These goals both improve the CX and reduce CO2 emissions, supporting airline sustainability efforts. The ability to conduct longer flights also helps airlines meet growth initiatives, giving them the ability to fly to new destinations and/or service new markets.

Advanced Weather Modeling

Airlines are also focused on improving their weather modeling. This includes applying predictive analytics and other ML techniques to develop applications that not only support more accurate weather forecasts but also recommend changes in aircraft flight operations (e.g., reduced speed, altitude) to optimize fuel use and shorten flight times.

Several airlines are turning to AI experts at major cloud providers to assist their efforts.
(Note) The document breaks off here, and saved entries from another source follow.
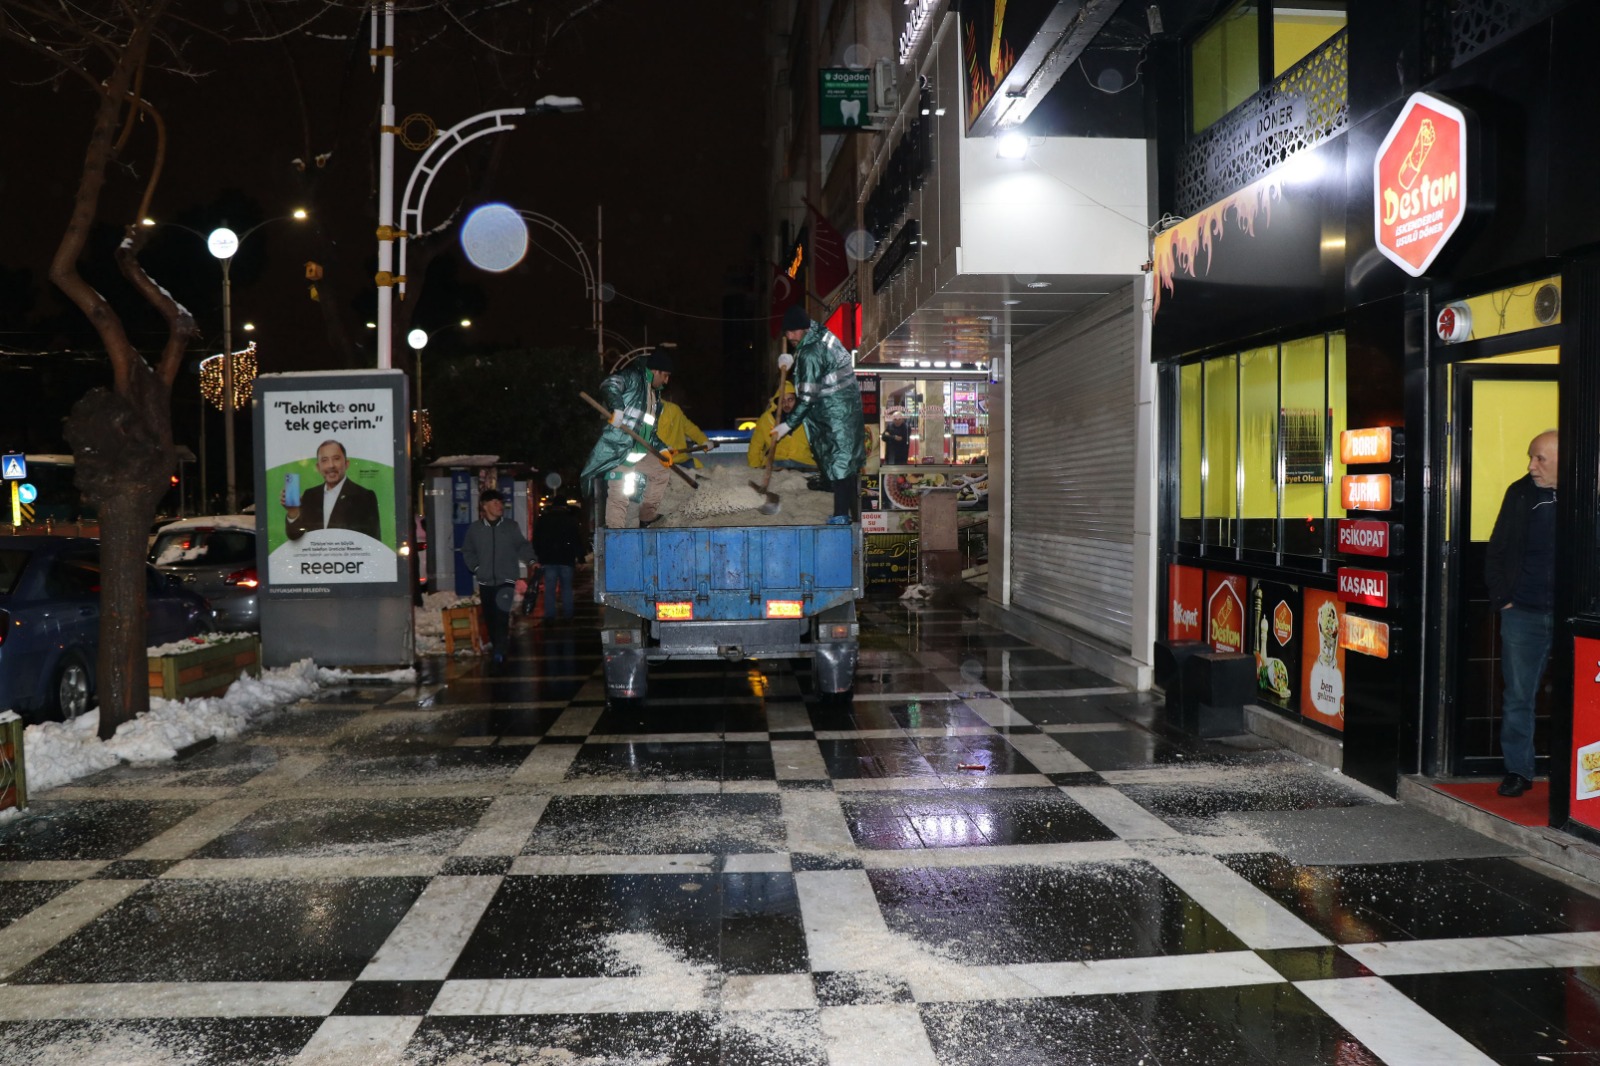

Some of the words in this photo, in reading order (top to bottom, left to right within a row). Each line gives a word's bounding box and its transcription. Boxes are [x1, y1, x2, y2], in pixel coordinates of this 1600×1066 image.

[1214, 129, 1251, 170] DESTAN
[1256, 105, 1293, 137] DÖNER
[1383, 171, 1457, 226] Destan
[1418, 222, 1443, 240] DÖNER
[348, 402, 376, 413] onu
[285, 417, 310, 431] tek
[1352, 435, 1378, 457] BORU
[1302, 474, 1324, 482] Olsun
[1348, 482, 1380, 502] ZURNA
[1340, 524, 1385, 548] PSİKOPAT
[1340, 575, 1384, 597] KAŞARLI
[1211, 618, 1241, 648] Destan
[1349, 624, 1375, 649] ISLAK
[1320, 678, 1333, 694] ben
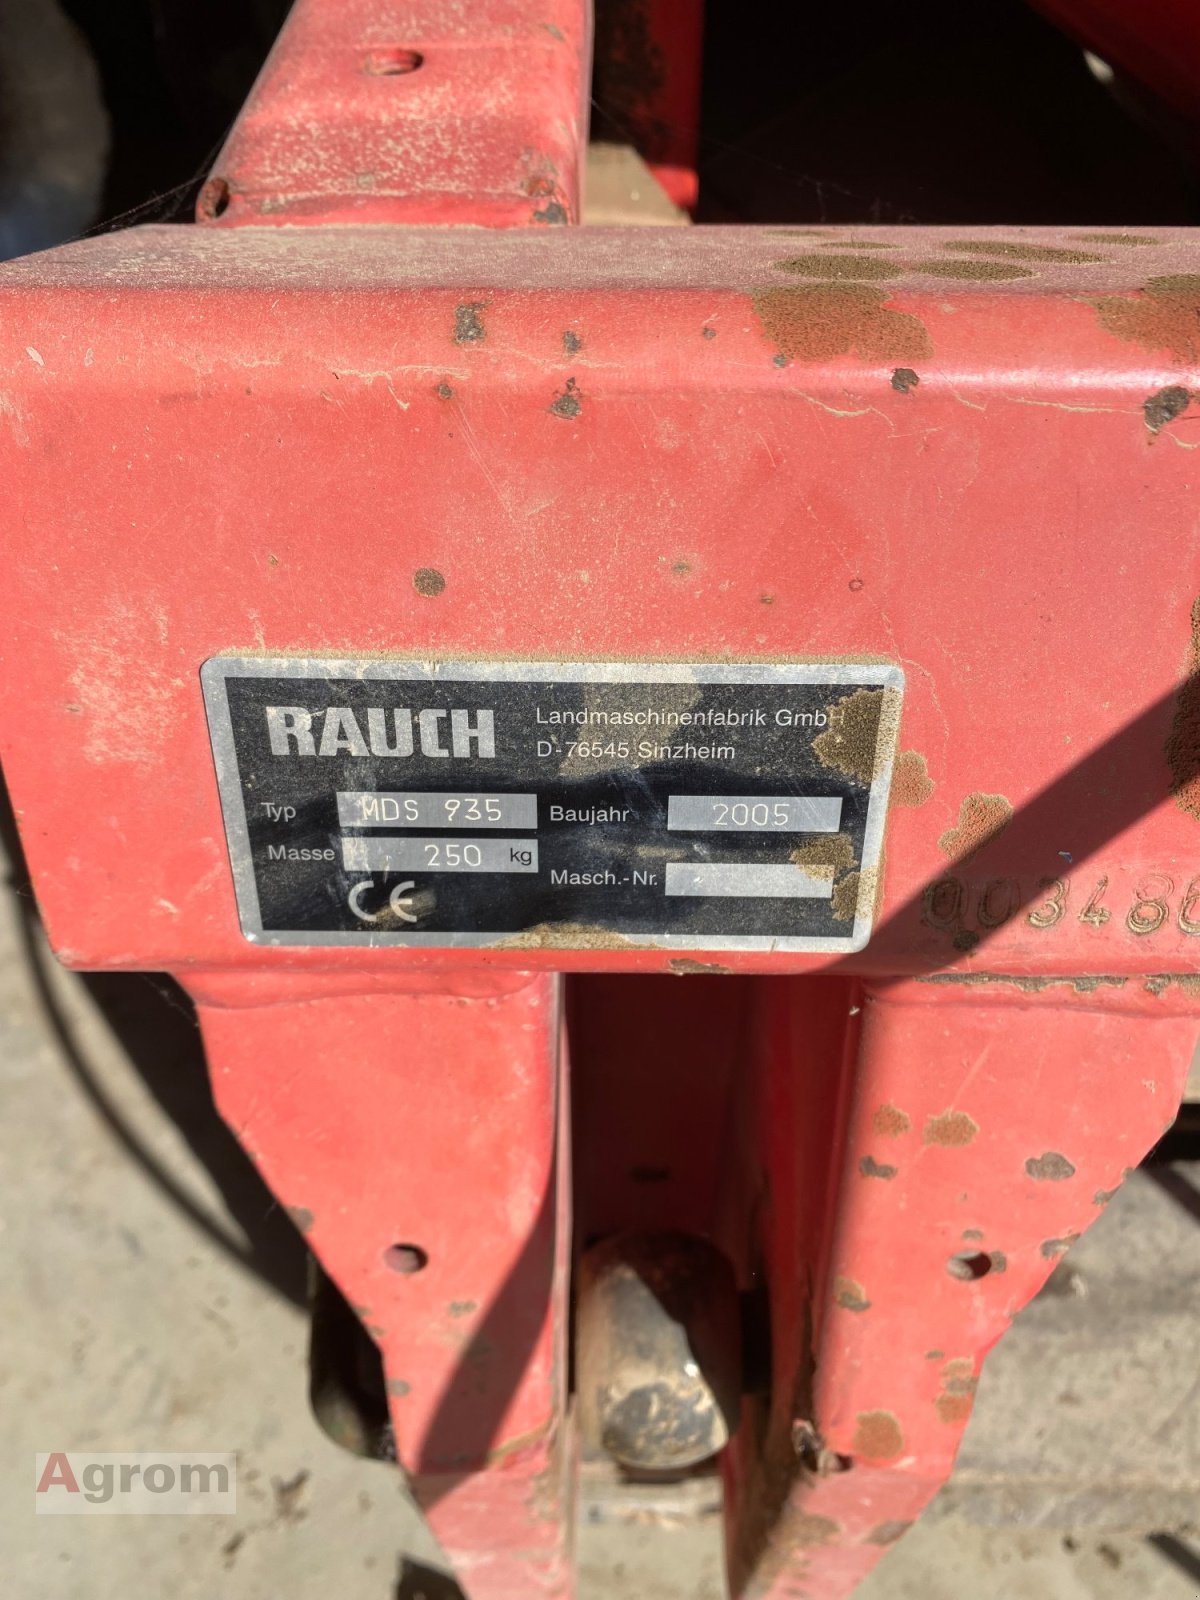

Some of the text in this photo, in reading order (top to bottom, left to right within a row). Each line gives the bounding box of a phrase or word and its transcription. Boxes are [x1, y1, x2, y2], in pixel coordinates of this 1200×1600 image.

[536, 708, 766, 727] Landmaschinenfabrik
[266, 706, 496, 759] RAUCH
[536, 741, 736, 760] D-76545 Sinzheim
[261, 798, 502, 822] Typ MDS 935
[550, 803, 790, 826] Baujahr 2005
[268, 844, 532, 867] Masse 250 kg
[550, 869, 658, 887] Masch.-Nr.
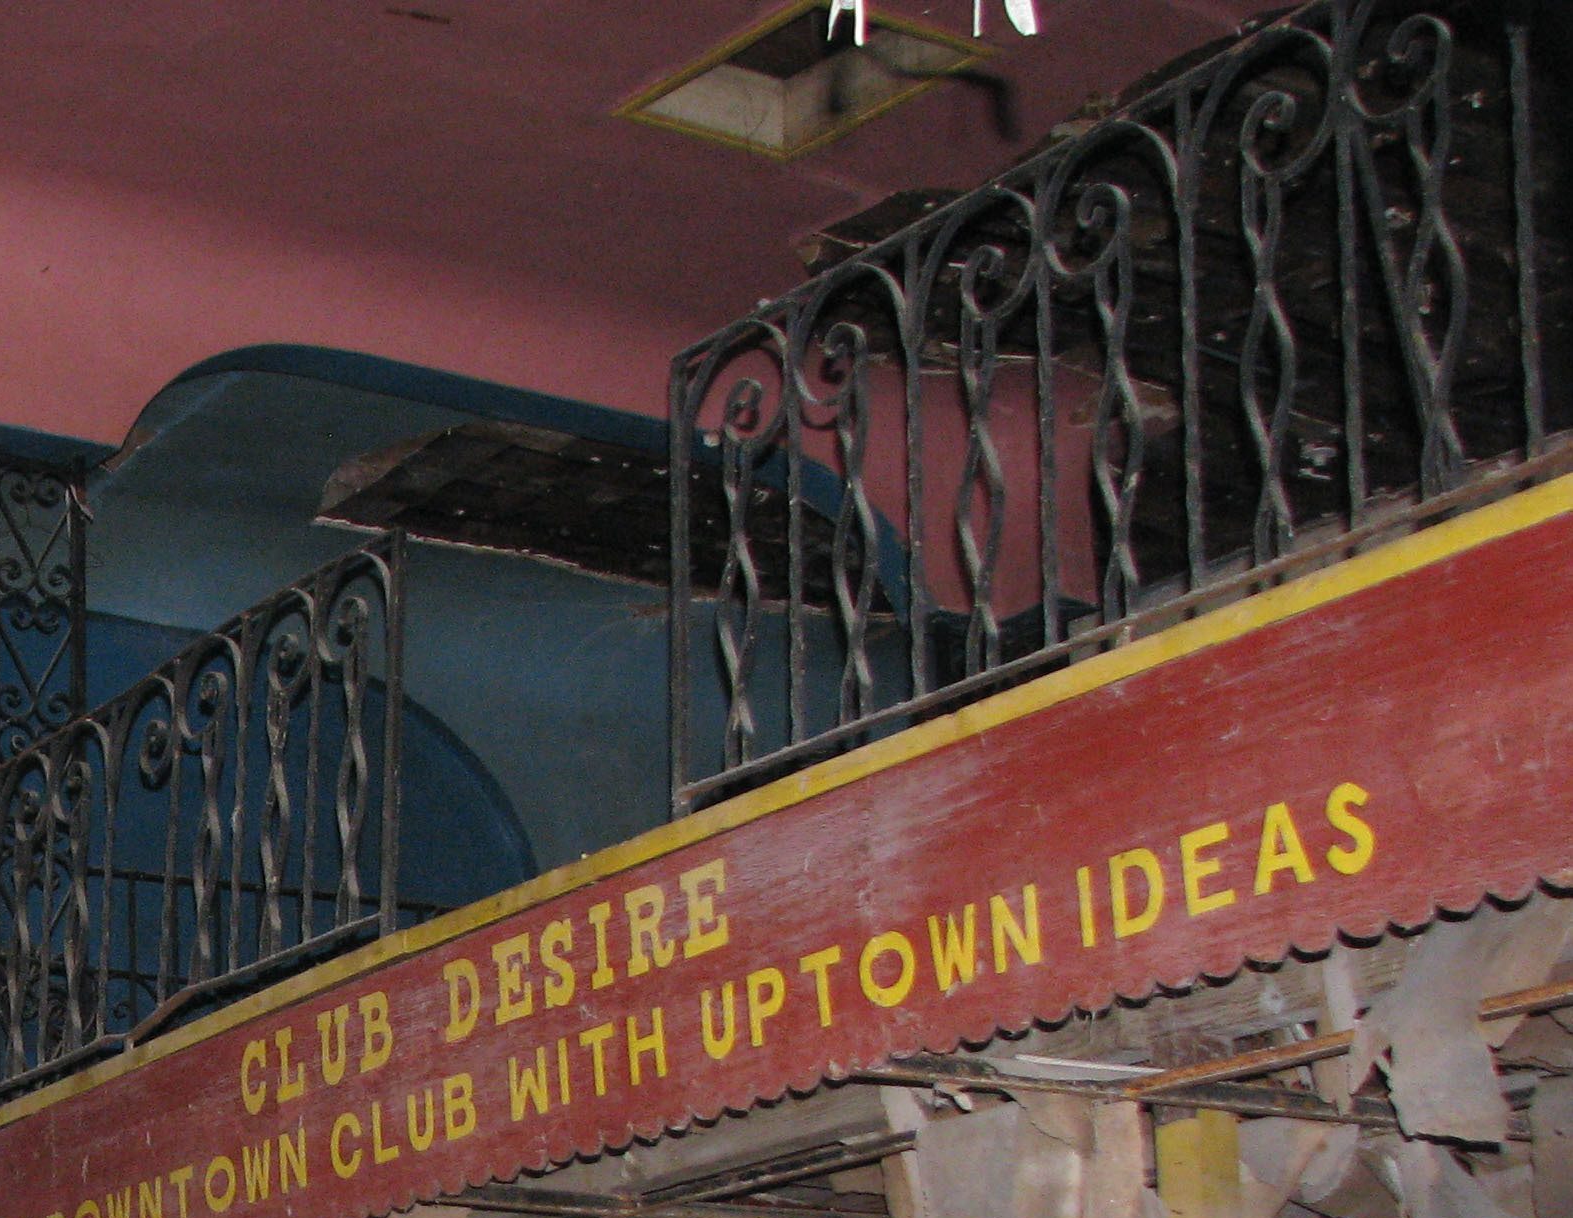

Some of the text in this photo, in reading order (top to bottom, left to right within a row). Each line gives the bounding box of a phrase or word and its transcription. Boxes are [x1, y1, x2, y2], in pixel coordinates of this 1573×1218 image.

[240, 857, 732, 1116] CLUB DESIRE
[329, 1071, 480, 1181] CLUB
[506, 1006, 672, 1123] WITH
[698, 882, 1045, 1062] UPTOWN
[1073, 780, 1376, 950] IDEAS
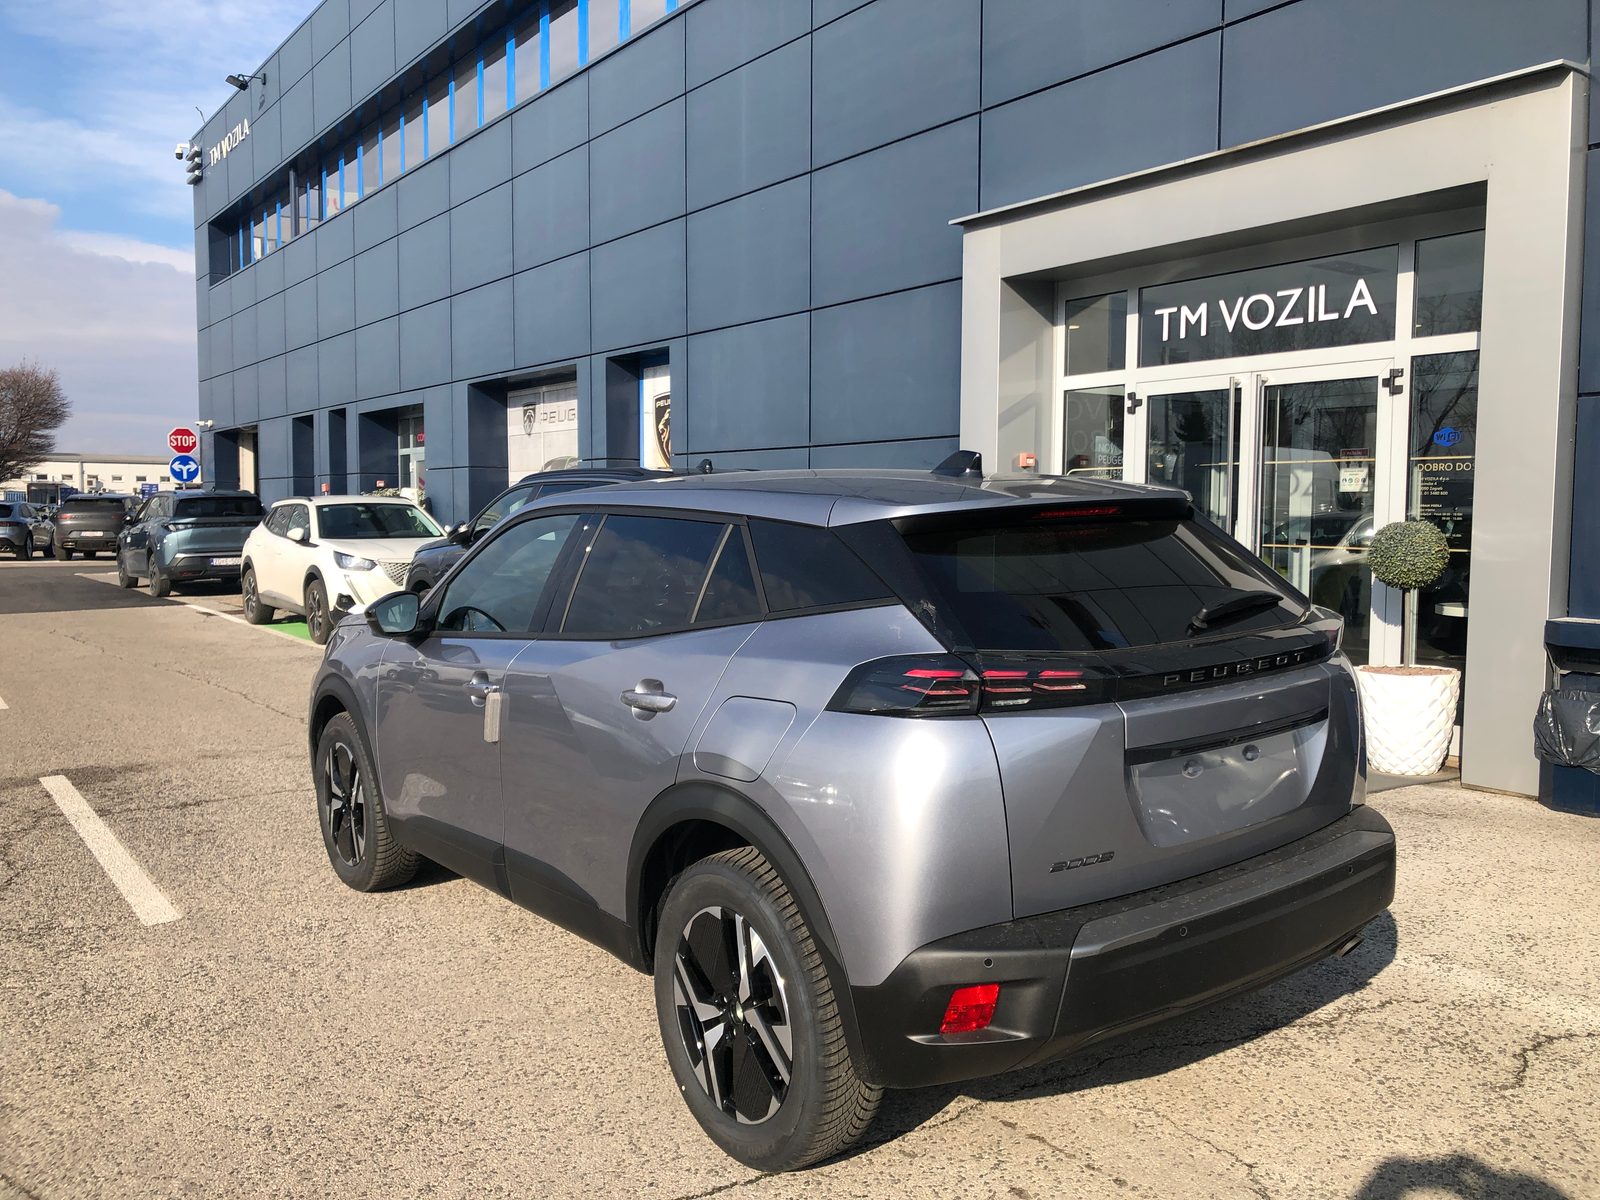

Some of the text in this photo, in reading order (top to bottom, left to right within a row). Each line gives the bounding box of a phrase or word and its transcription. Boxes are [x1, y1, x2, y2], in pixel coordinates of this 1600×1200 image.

[209, 118, 250, 167] TM VOZILA
[1154, 278, 1378, 342] TM VOZILA
[540, 407, 576, 425] PEUG
[170, 435, 196, 447] STOP
[1097, 454, 1123, 465] PEUGE
[1417, 462, 1453, 472] DOBRO
[1163, 651, 1305, 686] PEUGEOT
[1049, 850, 1115, 874] 2008
Lufthansa and Swiss International are both working with Google to build predictive analytics for advanced weather modeling, and other airline flight operations using BigQuery and Vertex AI.

Aircraft Utilization/Flight Rotation

Flight rotation management (FRM) is the process of selecting the aircraft best suited for a particular flight, and it’s key to optimizing flight operations and decreasing fuel consumption.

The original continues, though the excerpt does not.